Pictures should be left out while the data beneath this task is written out word for word.

→ Phrase grounding data:

== Segment start ==

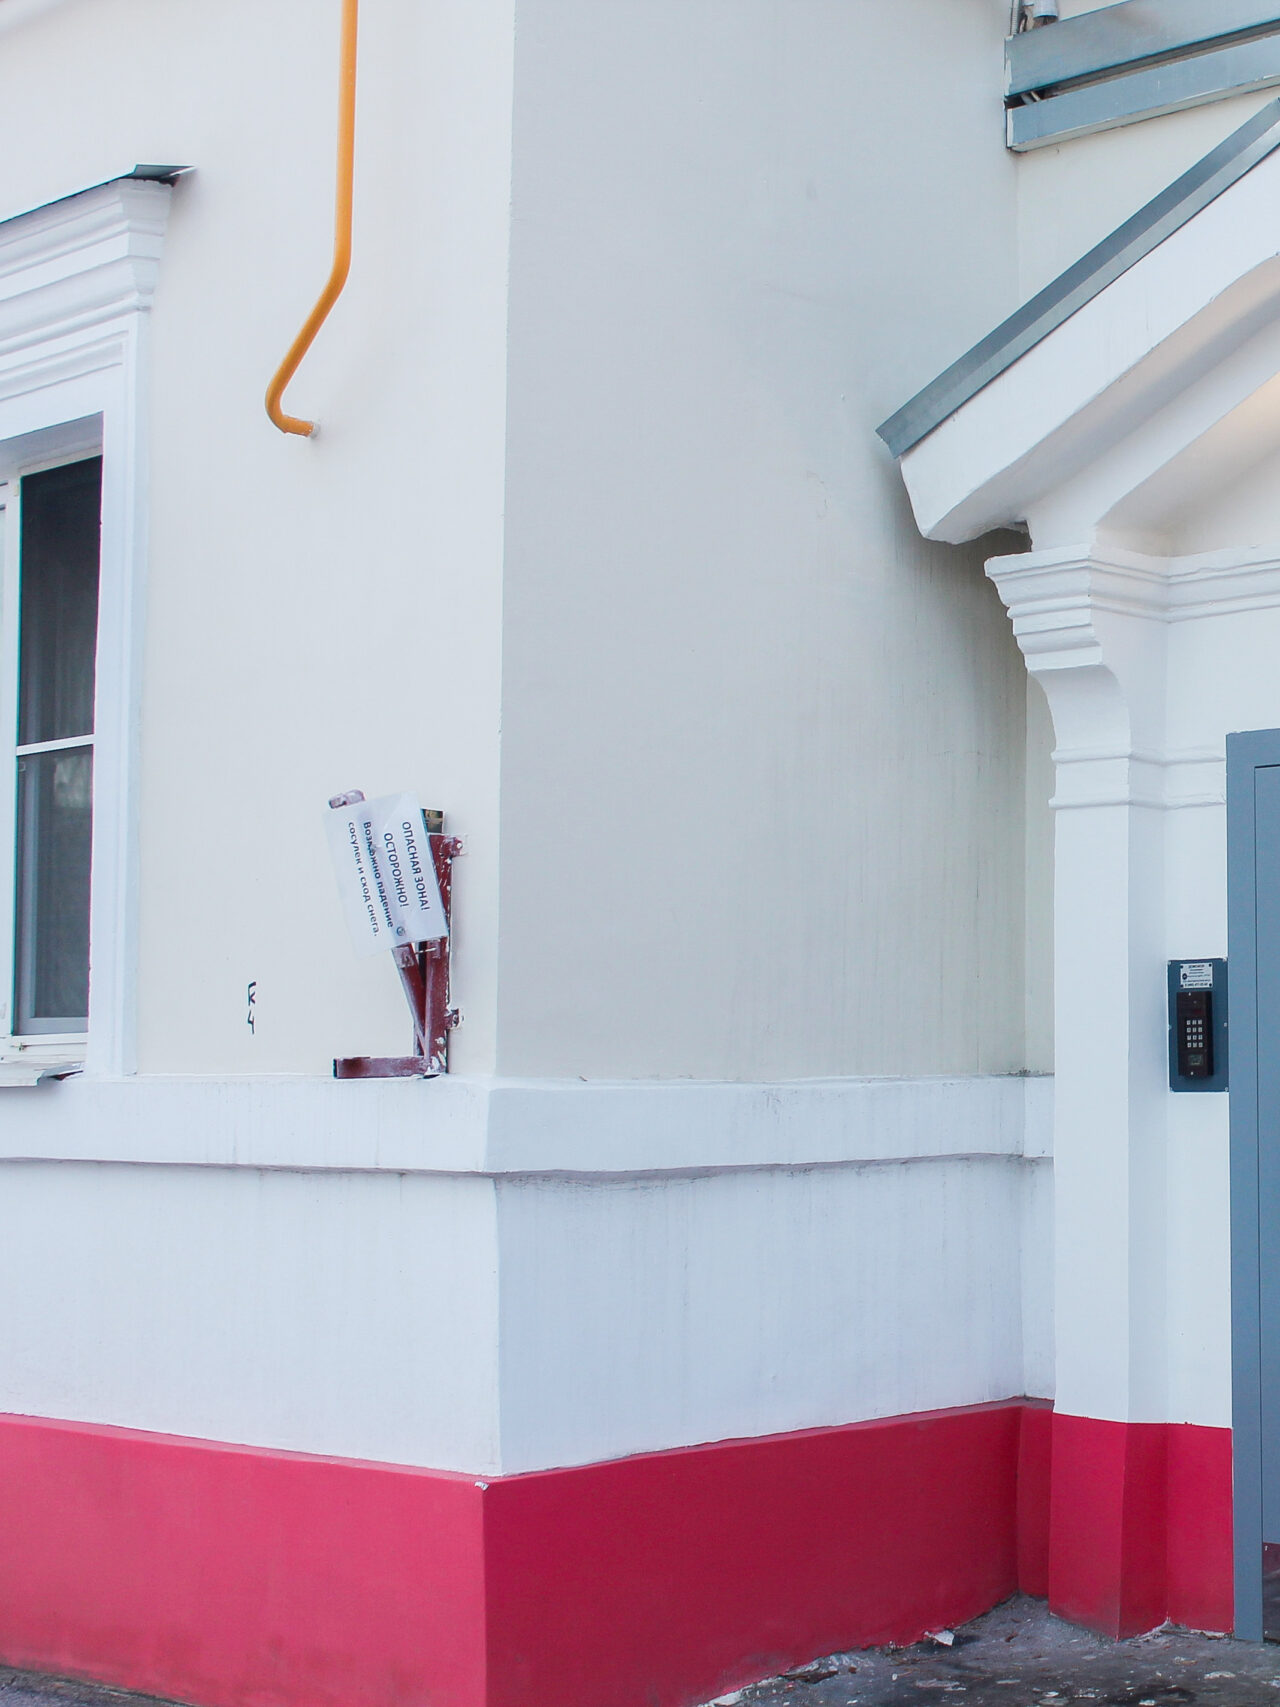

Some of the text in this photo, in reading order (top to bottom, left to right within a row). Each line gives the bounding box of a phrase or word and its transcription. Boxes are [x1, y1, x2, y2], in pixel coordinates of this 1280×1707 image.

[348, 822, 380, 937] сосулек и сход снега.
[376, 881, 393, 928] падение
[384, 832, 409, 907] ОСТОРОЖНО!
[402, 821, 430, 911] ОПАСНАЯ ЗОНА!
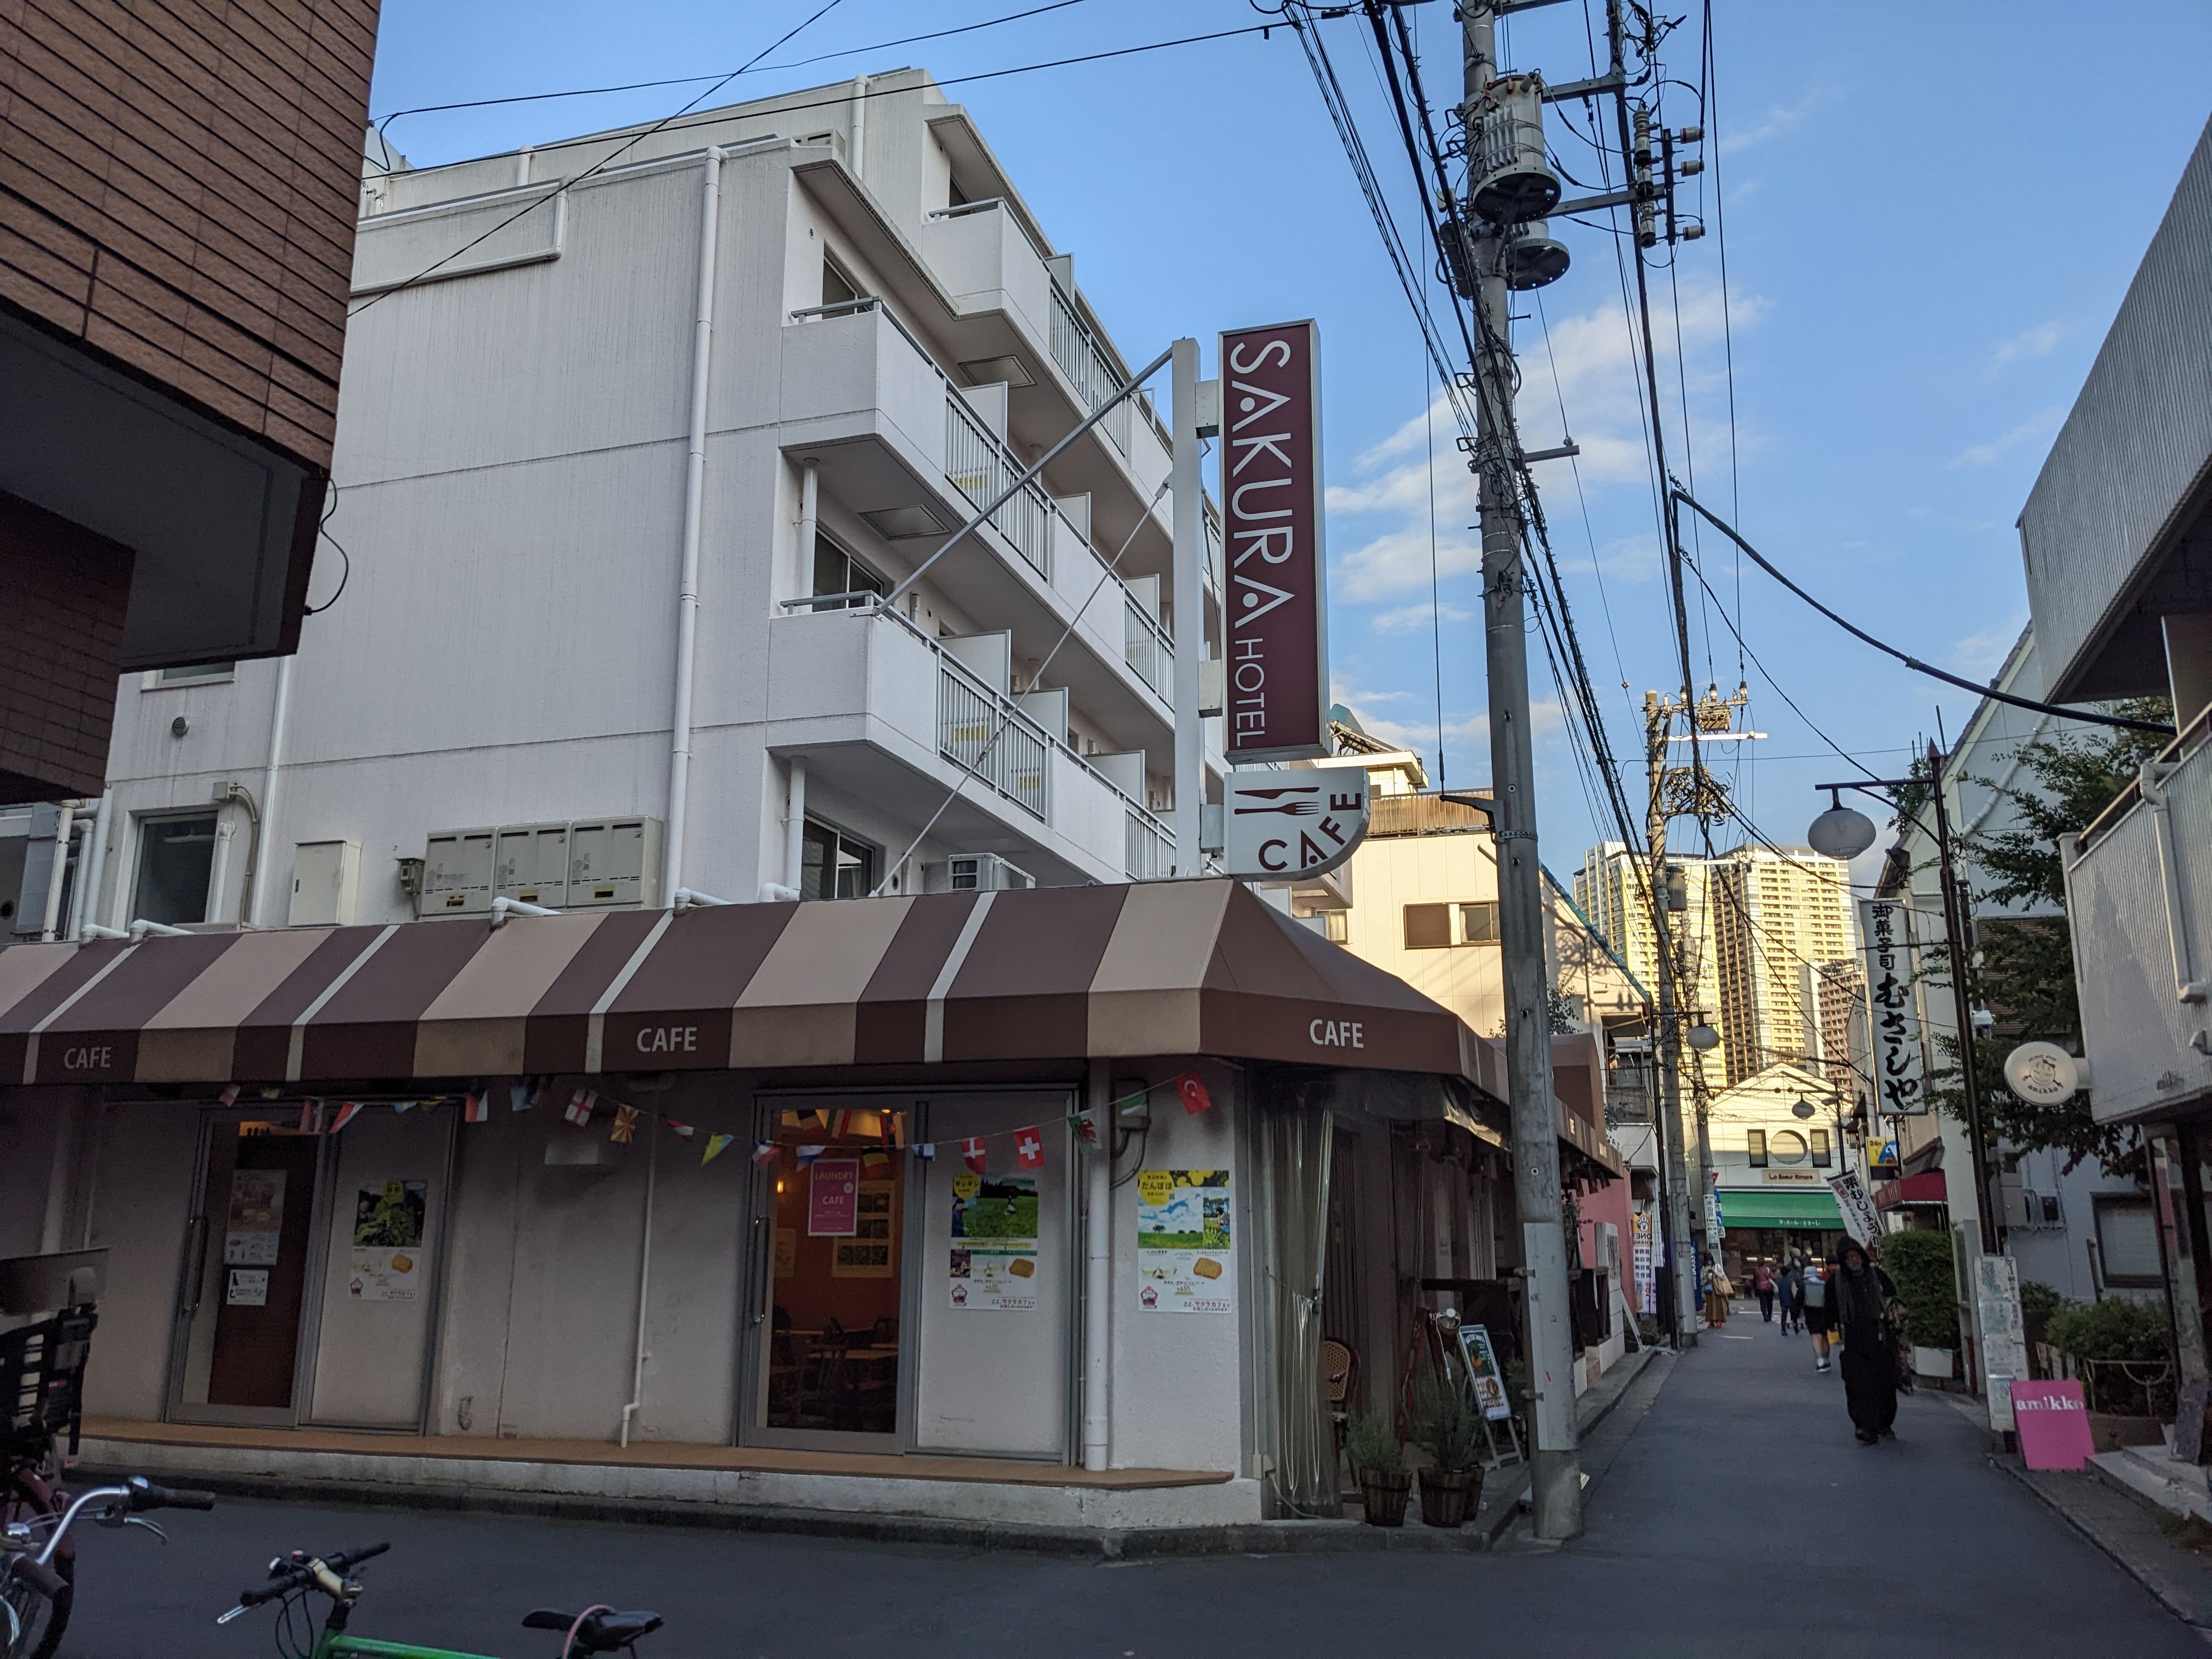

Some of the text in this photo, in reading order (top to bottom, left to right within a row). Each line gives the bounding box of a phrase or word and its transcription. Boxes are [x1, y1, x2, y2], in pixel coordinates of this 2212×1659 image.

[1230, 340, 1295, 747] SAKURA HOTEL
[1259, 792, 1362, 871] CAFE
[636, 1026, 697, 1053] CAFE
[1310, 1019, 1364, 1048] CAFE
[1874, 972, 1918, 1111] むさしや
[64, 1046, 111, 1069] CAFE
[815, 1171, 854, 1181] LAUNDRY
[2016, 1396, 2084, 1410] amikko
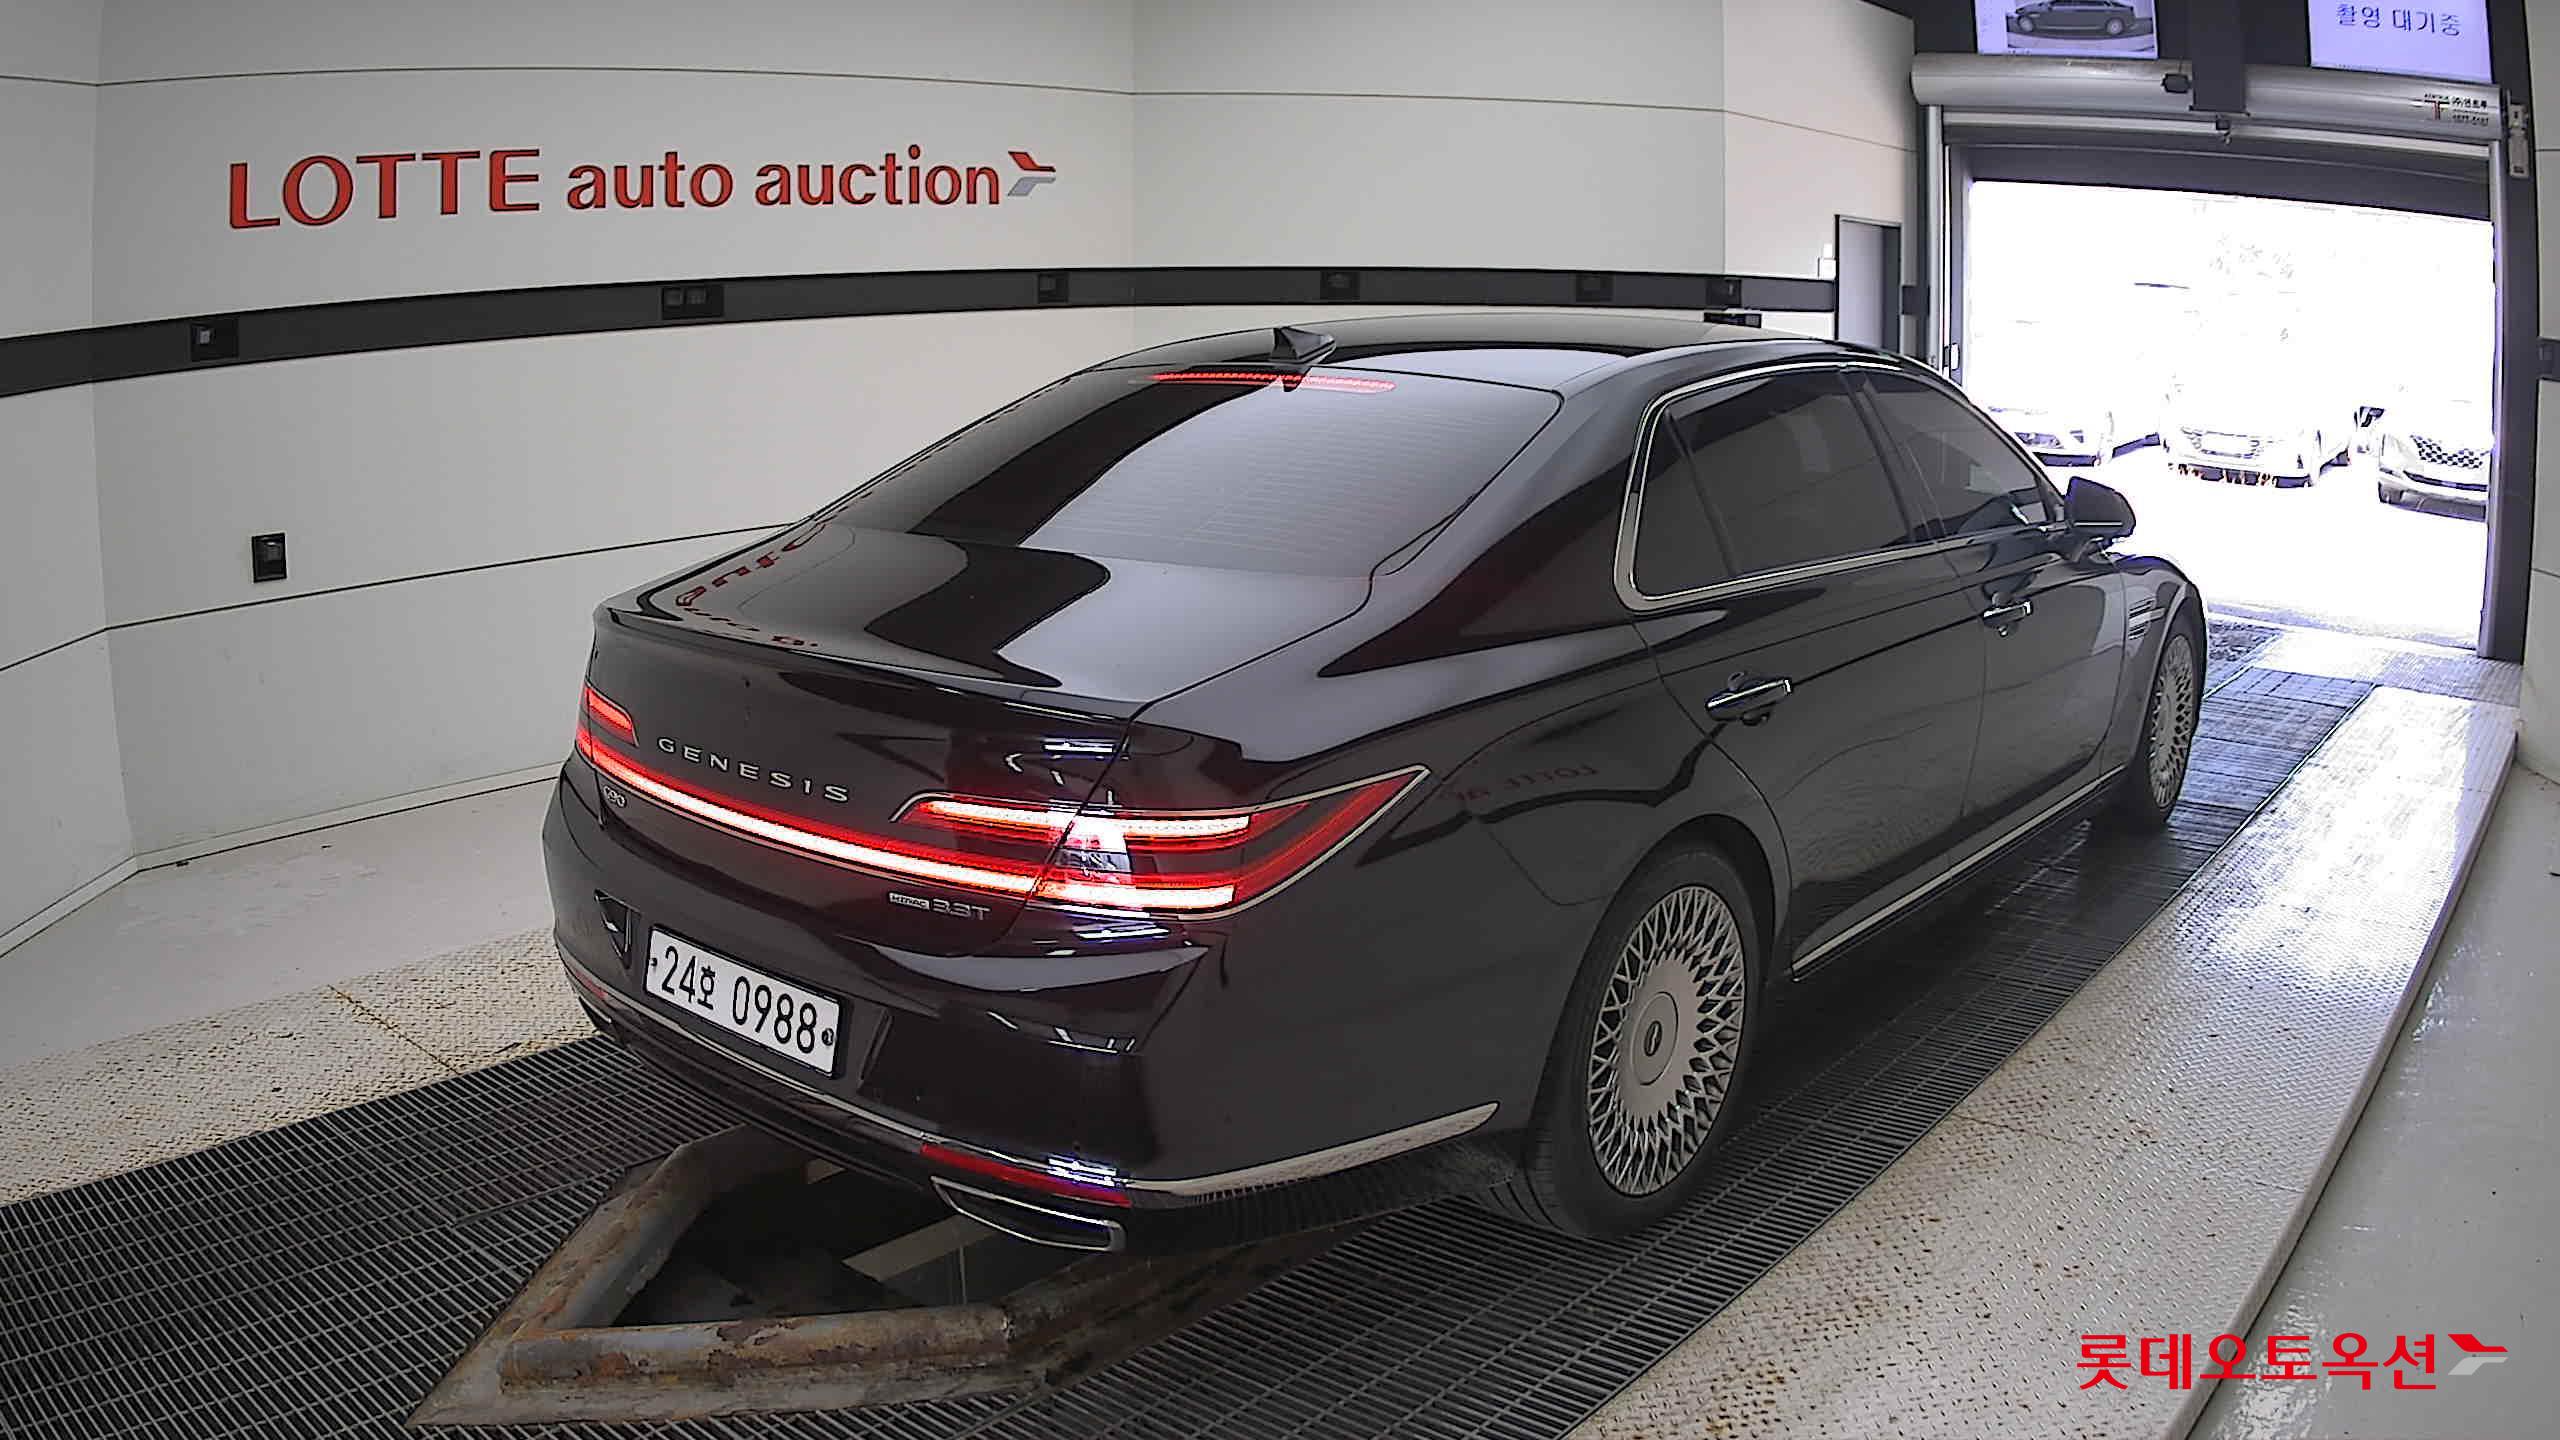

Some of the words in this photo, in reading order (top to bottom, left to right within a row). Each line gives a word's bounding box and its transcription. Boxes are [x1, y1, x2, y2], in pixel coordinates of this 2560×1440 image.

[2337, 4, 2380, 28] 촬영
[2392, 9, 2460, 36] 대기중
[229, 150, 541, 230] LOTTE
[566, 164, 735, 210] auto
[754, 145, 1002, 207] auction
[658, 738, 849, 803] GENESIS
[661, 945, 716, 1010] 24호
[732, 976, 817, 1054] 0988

== Segment end ==

→ Output for this task:
Some of the text in this photo, in reading order (top to bottom, left to right within a row). Each line gives the bounding box of a phrase or word and its transcription. Boxes are [x1, y1, x2, y2], in pixel coordinates of this 1280×1707 image.

[348, 822, 380, 937] сосулек и сход снега.
[376, 881, 393, 928] падение
[384, 832, 409, 907] ОСТОРОЖНО!
[402, 821, 430, 911] ОПАСНАЯ ЗОНА!

Some of the text in this photo, in reading order (top to bottom, left to right within a row). Each line gives the bounding box of a phrase or word and its transcription. Boxes are [x1, y1, x2, y2], in pixel coordinates of this 2212×1659 image.

[1230, 340, 1295, 747] SAKURA HOTEL
[1259, 792, 1362, 871] CAFE
[636, 1026, 697, 1053] CAFE
[1310, 1019, 1364, 1048] CAFE
[1874, 972, 1918, 1111] むさしや
[64, 1046, 111, 1069] CAFE
[815, 1171, 854, 1181] LAUNDRY
[2016, 1396, 2084, 1410] amikko

Some of the words in this photo, in reading order (top to bottom, left to right within a row). Each line gives a word's bounding box and its transcription. Boxes are [x1, y1, x2, y2], in pixel coordinates of this 2560×1440 image.

[2337, 4, 2380, 28] 촬영
[2392, 9, 2460, 36] 대기중
[229, 150, 541, 230] LOTTE
[566, 164, 735, 210] auto
[754, 145, 1002, 207] auction
[658, 738, 849, 803] GENESIS
[661, 945, 716, 1010] 24호
[732, 976, 817, 1054] 0988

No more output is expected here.